[Referring expression grounding data]
┄┄┄┄┄┄

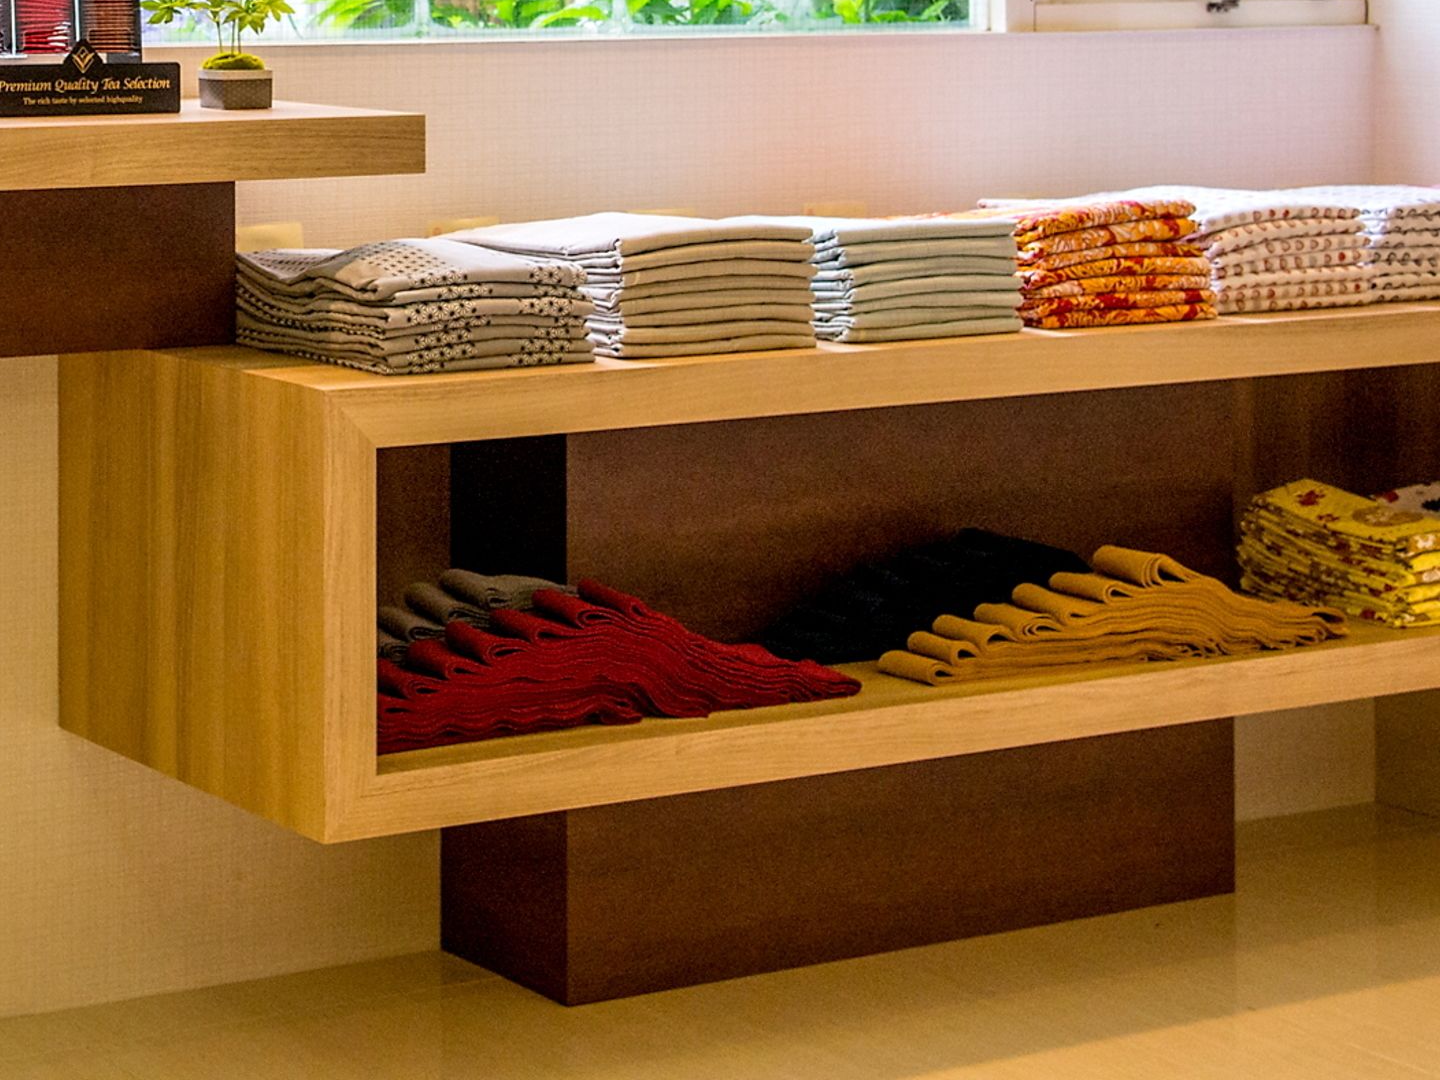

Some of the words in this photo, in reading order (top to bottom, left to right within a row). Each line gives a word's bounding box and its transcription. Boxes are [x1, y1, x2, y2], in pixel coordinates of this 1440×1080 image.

[55, 77, 99, 94] Quality
[101, 78, 121, 91] Tea
[123, 76, 171, 90] Selection
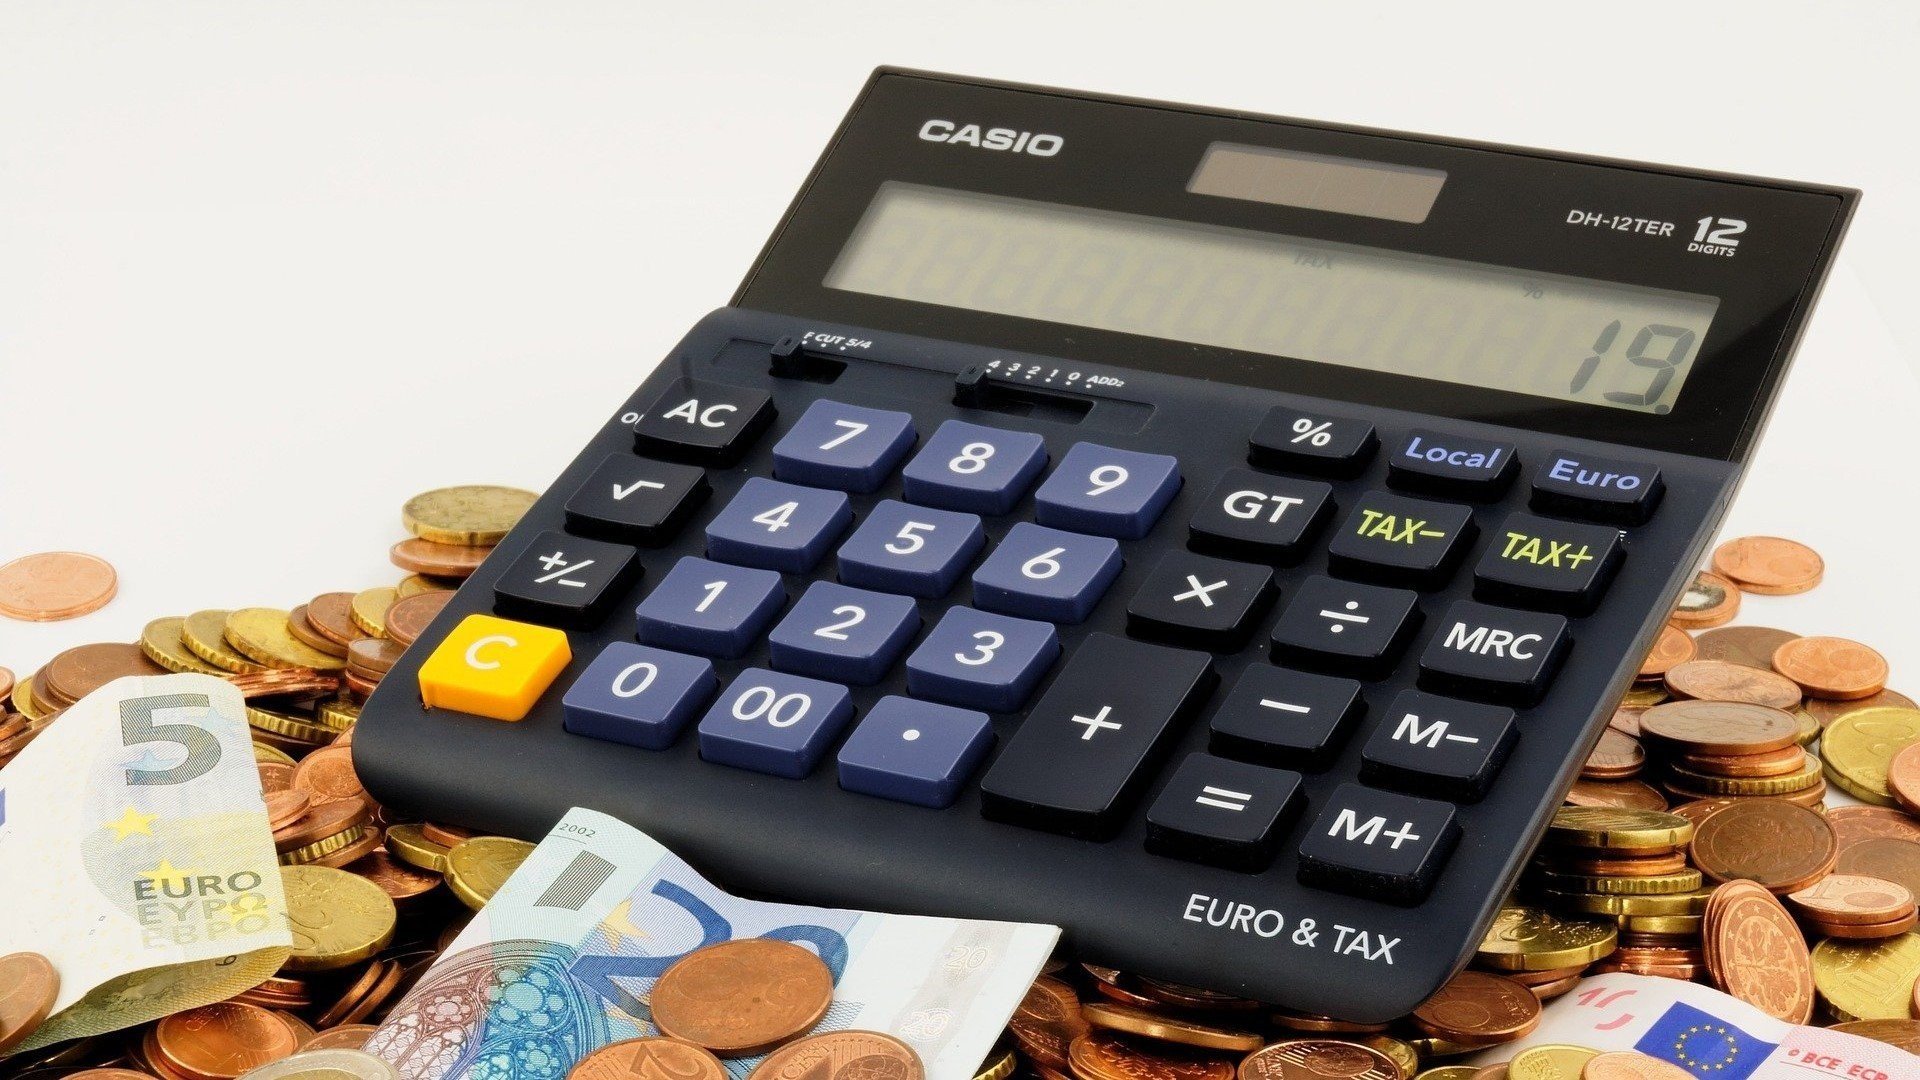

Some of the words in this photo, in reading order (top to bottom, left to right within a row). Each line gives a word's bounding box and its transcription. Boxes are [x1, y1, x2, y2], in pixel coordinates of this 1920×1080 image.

[919, 120, 1063, 156] CASIO
[1567, 210, 1674, 236] DH-12TER
[1691, 217, 1747, 247] 12
[1687, 241, 1737, 258] DIGITS
[803, 330, 816, 339] F
[815, 333, 845, 345] CUT
[988, 360, 1002, 369] 4
[1008, 362, 1022, 372] 3
[1027, 366, 1042, 375] 2
[1050, 369, 1060, 378] 1
[1068, 371, 1082, 381] 0
[618, 410, 648, 425] O
[663, 399, 737, 427] AC
[819, 420, 868, 450] 7
[949, 443, 994, 473] 8
[1406, 437, 1502, 470] Local
[1086, 466, 1128, 496] 9
[1549, 459, 1641, 492] Euro
[753, 502, 798, 532] 4
[1224, 491, 1303, 523] GT
[885, 521, 935, 554] 5
[1502, 531, 1593, 570] TAX+
[1022, 548, 1065, 579] 6
[695, 581, 727, 612] 1
[814, 606, 865, 640] 2
[465, 635, 517, 670] C
[955, 631, 1004, 665] 3
[1444, 622, 1542, 659] MRC
[612, 663, 657, 697] 0
[732, 686, 811, 727] 00
[118, 692, 222, 787] 5
[559, 823, 596, 838] 2002
[1328, 809, 1420, 849] M+
[133, 870, 262, 901] EURO
[1183, 894, 1283, 937] EURO
[1292, 918, 1319, 947] &
[1334, 925, 1401, 964] TAX
[1801, 1051, 1843, 1070] BCE

┄┄┄┄┄┄

In the answer, the entries should be restated verbatim, with all pictures omitted.

SOLVED PROBLEM:
Some of the words in this photo, in reading order (top to bottom, left to right within a row). Each line gives a word's bounding box and its transcription. Boxes are [x1, y1, x2, y2], in pixel coordinates of this 1440×1080 image.

[55, 77, 99, 94] Quality
[101, 78, 121, 91] Tea
[123, 76, 171, 90] Selection

Some of the words in this photo, in reading order (top to bottom, left to right within a row). Each line gives a word's bounding box and its transcription. Boxes are [x1, y1, x2, y2], in pixel coordinates of this 1920×1080 image.

[919, 120, 1063, 156] CASIO
[1567, 210, 1674, 236] DH-12TER
[1691, 217, 1747, 247] 12
[1687, 241, 1737, 258] DIGITS
[803, 330, 816, 339] F
[815, 333, 845, 345] CUT
[988, 360, 1002, 369] 4
[1008, 362, 1022, 372] 3
[1027, 366, 1042, 375] 2
[1050, 369, 1060, 378] 1
[1068, 371, 1082, 381] 0
[618, 410, 648, 425] O
[663, 399, 737, 427] AC
[819, 420, 868, 450] 7
[949, 443, 994, 473] 8
[1406, 437, 1502, 470] Local
[1086, 466, 1128, 496] 9
[1549, 459, 1641, 492] Euro
[753, 502, 798, 532] 4
[1224, 491, 1303, 523] GT
[885, 521, 935, 554] 5
[1502, 531, 1593, 570] TAX+
[1022, 548, 1065, 579] 6
[695, 581, 727, 612] 1
[814, 606, 865, 640] 2
[465, 635, 517, 670] C
[955, 631, 1004, 665] 3
[1444, 622, 1542, 659] MRC
[612, 663, 657, 697] 0
[732, 686, 811, 727] 00
[118, 692, 222, 787] 5
[559, 823, 596, 838] 2002
[1328, 809, 1420, 849] M+
[133, 870, 262, 901] EURO
[1183, 894, 1283, 937] EURO
[1292, 918, 1319, 947] &
[1334, 925, 1401, 964] TAX
[1801, 1051, 1843, 1070] BCE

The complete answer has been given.